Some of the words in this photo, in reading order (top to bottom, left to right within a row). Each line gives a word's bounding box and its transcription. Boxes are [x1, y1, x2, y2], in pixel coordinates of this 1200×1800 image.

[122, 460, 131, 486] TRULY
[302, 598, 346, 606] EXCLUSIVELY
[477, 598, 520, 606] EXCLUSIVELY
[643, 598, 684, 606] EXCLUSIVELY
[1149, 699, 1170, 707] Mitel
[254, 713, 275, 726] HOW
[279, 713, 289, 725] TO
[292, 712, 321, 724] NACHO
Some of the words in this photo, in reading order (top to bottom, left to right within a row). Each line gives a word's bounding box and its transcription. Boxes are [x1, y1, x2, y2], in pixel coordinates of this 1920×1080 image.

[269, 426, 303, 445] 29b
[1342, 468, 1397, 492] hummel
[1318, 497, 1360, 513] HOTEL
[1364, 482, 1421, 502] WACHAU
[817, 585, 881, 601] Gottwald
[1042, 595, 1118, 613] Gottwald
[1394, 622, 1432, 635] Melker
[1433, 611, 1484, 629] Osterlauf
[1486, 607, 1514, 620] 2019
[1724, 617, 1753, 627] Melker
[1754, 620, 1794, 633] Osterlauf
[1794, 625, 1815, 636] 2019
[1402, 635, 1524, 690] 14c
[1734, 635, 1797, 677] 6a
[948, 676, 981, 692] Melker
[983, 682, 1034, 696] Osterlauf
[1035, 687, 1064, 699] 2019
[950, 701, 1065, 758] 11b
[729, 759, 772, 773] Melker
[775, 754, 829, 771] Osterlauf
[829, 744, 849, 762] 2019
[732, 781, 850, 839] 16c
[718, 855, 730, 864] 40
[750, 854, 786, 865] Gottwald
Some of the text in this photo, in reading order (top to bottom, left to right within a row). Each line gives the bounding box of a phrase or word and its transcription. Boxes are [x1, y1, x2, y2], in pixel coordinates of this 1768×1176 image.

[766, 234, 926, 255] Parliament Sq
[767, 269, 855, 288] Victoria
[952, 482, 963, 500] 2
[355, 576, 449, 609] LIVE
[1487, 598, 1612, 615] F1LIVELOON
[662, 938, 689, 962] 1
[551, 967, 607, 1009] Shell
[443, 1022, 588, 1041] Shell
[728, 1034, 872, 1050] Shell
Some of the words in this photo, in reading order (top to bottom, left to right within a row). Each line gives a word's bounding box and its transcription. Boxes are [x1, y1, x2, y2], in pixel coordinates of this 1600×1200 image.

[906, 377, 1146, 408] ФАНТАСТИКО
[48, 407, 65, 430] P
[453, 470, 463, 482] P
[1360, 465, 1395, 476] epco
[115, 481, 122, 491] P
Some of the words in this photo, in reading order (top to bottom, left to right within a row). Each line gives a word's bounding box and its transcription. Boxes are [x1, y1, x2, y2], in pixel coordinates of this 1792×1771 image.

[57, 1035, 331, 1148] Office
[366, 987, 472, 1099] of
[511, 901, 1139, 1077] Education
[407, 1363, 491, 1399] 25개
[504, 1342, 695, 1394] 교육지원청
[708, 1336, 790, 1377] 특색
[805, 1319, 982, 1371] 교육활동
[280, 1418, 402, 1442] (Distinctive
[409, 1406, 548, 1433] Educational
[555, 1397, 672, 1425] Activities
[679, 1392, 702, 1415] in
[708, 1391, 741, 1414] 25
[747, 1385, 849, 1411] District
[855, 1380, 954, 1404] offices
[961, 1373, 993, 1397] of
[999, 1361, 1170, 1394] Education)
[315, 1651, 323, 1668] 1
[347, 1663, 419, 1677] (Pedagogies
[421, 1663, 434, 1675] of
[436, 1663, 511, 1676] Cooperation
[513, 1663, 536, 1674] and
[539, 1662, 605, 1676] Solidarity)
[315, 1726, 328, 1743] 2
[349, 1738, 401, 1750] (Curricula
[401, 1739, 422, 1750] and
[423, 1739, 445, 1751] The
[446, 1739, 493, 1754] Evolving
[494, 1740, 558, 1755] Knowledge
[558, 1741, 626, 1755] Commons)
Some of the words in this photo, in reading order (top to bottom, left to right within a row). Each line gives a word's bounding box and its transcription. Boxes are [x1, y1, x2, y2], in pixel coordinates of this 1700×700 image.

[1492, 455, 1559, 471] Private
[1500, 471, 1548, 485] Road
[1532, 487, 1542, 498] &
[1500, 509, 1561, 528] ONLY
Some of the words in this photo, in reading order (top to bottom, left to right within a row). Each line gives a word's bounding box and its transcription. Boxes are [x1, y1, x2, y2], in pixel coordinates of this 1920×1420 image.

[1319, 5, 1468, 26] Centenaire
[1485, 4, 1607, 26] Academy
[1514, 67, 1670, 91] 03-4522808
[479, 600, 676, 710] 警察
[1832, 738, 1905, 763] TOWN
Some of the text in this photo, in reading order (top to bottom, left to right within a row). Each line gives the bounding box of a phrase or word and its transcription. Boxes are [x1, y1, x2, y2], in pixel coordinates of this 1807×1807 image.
===
Retype the records above in full, matching each line exactly.

Some of the words in this photo, in reading order (top to bottom, left to right within a row). Each line gives a word's bounding box and its transcription. Boxes are [x1, y1, x2, y2], in pixel coordinates of this 1200×1800 image.

[122, 460, 131, 486] TRULY
[302, 598, 346, 606] EXCLUSIVELY
[477, 598, 520, 606] EXCLUSIVELY
[643, 598, 684, 606] EXCLUSIVELY
[1149, 699, 1170, 707] Mitel
[254, 713, 275, 726] HOW
[279, 713, 289, 725] TO
[292, 712, 321, 724] NACHO
Some of the words in this photo, in reading order (top to bottom, left to right within a row). Each line gives a word's bounding box and its transcription. Boxes are [x1, y1, x2, y2], in pixel coordinates of this 1920×1080 image.

[269, 426, 303, 445] 29b
[1342, 468, 1397, 492] hummel
[1318, 497, 1360, 513] HOTEL
[1364, 482, 1421, 502] WACHAU
[817, 585, 881, 601] Gottwald
[1042, 595, 1118, 613] Gottwald
[1394, 622, 1432, 635] Melker
[1433, 611, 1484, 629] Osterlauf
[1486, 607, 1514, 620] 2019
[1724, 617, 1753, 627] Melker
[1754, 620, 1794, 633] Osterlauf
[1794, 625, 1815, 636] 2019
[1402, 635, 1524, 690] 14c
[1734, 635, 1797, 677] 6a
[948, 676, 981, 692] Melker
[983, 682, 1034, 696] Osterlauf
[1035, 687, 1064, 699] 2019
[950, 701, 1065, 758] 11b
[729, 759, 772, 773] Melker
[775, 754, 829, 771] Osterlauf
[829, 744, 849, 762] 2019
[732, 781, 850, 839] 16c
[718, 855, 730, 864] 40
[750, 854, 786, 865] Gottwald
Some of the text in this photo, in reading order (top to bottom, left to right within a row). Each line gives the bounding box of a phrase or word and its transcription. Boxes are [x1, y1, x2, y2], in pixel coordinates of this 1768×1176 image.

[766, 234, 926, 255] Parliament Sq
[767, 269, 855, 288] Victoria
[952, 482, 963, 500] 2
[355, 576, 449, 609] LIVE
[1487, 598, 1612, 615] F1LIVELOON
[662, 938, 689, 962] 1
[551, 967, 607, 1009] Shell
[443, 1022, 588, 1041] Shell
[728, 1034, 872, 1050] Shell
Some of the words in this photo, in reading order (top to bottom, left to right within a row). Each line gives a word's bounding box and its transcription. Boxes are [x1, y1, x2, y2], in pixel coordinates of this 1600×1200 image.

[906, 377, 1146, 408] ФАНТАСТИКО
[48, 407, 65, 430] P
[453, 470, 463, 482] P
[1360, 465, 1395, 476] epco
[115, 481, 122, 491] P
Some of the words in this photo, in reading order (top to bottom, left to right within a row). Each line gives a word's bounding box and its transcription. Boxes are [x1, y1, x2, y2], in pixel coordinates of this 1792×1771 image.

[57, 1035, 331, 1148] Office
[366, 987, 472, 1099] of
[511, 901, 1139, 1077] Education
[407, 1363, 491, 1399] 25개
[504, 1342, 695, 1394] 교육지원청
[708, 1336, 790, 1377] 특색
[805, 1319, 982, 1371] 교육활동
[280, 1418, 402, 1442] (Distinctive
[409, 1406, 548, 1433] Educational
[555, 1397, 672, 1425] Activities
[679, 1392, 702, 1415] in
[708, 1391, 741, 1414] 25
[747, 1385, 849, 1411] District
[855, 1380, 954, 1404] offices
[961, 1373, 993, 1397] of
[999, 1361, 1170, 1394] Education)
[315, 1651, 323, 1668] 1
[347, 1663, 419, 1677] (Pedagogies
[421, 1663, 434, 1675] of
[436, 1663, 511, 1676] Cooperation
[513, 1663, 536, 1674] and
[539, 1662, 605, 1676] Solidarity)
[315, 1726, 328, 1743] 2
[349, 1738, 401, 1750] (Curricula
[401, 1739, 422, 1750] and
[423, 1739, 445, 1751] The
[446, 1739, 493, 1754] Evolving
[494, 1740, 558, 1755] Knowledge
[558, 1741, 626, 1755] Commons)
Some of the words in this photo, in reading order (top to bottom, left to right within a row). Each line gives a word's bounding box and its transcription. Boxes are [x1, y1, x2, y2], in pixel coordinates of this 1700×700 image.

[1492, 455, 1559, 471] Private
[1500, 471, 1548, 485] Road
[1532, 487, 1542, 498] &
[1500, 509, 1561, 528] ONLY
Some of the words in this photo, in reading order (top to bottom, left to right within a row). Each line gives a word's bounding box and its transcription. Boxes are [x1, y1, x2, y2], in pixel coordinates of this 1920×1420 image.

[1319, 5, 1468, 26] Centenaire
[1485, 4, 1607, 26] Academy
[1514, 67, 1670, 91] 03-4522808
[479, 600, 676, 710] 警察
[1832, 738, 1905, 763] TOWN
Some of the text in this photo, in reading order (top to bottom, left to right within a row). Each line gives the bounding box of a phrase or word and its transcription. Boxes are [x1, y1, x2, y2], in pixel coordinates of this 1807×1807 image.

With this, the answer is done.